Le Duc d’Orléans m’a assuré qu’à l’un des dîners qu’Ibrahim lui a offerts, il lui a été impossible de manger les mets qu’on servait. C’était par exemple de la pommade à la rose comme on en vend chez Lubin, dans laquelle il y avait des morceaux de viande coupés en carré, puis du gigot de mouton au miel et aux raisins de Corinthe.

« Voyant, poursuit le Duc d’Orléans, une espèce de boudin qu’on n’avait pas servi encore, je comptais y trouver de quoi me rassasier. Mais quel fut mon désappointement lorsqu’on le coupant en deux, il en sortit une espèce de liquide jaune et rouge si peu ragoûtant et d’une odeur si nauséabonde qu’il me fut impossible de le porter à ma bouche. »

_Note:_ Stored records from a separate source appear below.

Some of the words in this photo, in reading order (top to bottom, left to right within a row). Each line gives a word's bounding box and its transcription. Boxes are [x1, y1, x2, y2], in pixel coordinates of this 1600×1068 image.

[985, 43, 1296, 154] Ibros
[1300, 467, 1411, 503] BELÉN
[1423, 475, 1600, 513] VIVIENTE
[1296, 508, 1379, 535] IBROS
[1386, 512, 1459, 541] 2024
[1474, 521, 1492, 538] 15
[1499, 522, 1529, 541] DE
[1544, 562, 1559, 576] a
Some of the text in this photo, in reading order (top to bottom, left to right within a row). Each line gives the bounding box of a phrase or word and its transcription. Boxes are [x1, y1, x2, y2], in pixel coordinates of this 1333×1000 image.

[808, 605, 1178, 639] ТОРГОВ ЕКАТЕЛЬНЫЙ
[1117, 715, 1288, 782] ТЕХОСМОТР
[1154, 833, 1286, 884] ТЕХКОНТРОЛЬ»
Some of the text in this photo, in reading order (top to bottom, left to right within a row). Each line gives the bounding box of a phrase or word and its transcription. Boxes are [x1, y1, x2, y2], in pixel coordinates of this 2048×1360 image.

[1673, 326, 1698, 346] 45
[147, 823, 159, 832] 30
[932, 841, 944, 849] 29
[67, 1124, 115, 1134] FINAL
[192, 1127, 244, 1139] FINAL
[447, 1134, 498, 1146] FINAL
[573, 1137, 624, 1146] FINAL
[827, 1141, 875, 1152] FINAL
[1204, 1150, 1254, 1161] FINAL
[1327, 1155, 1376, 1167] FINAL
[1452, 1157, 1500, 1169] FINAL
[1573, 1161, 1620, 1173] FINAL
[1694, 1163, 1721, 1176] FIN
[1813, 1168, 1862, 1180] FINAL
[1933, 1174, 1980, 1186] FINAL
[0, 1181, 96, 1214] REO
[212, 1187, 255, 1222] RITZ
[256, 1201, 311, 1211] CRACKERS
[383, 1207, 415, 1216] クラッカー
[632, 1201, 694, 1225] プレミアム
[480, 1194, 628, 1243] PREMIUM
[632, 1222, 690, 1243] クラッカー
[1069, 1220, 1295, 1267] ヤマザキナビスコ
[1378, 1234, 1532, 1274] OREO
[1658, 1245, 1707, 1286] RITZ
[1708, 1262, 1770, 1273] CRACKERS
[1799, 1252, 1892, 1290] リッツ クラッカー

13 février. — J’ai assisté plusieurs fois aux débats du procès des accusés du 28 juillet ; c’est un affreux spectacle que présente le banc des accusés. Cet affreux Fieschi, ce lâche Pépin, cet infâme vieillard Moray si impassible, si commun, si vulgaire, et ce Fieschi, visant toujours à l’effet, acharné, vindicatif contre ses complices, sans le moindre remords pour ce qu’il a fait ! S’il en parle, c’est encore pour exciter l’intérêt de son auditoire, il se met constamment en scène, il n’oublie jamais qu’il parle non seulement devant la France, mais devant l’Europe.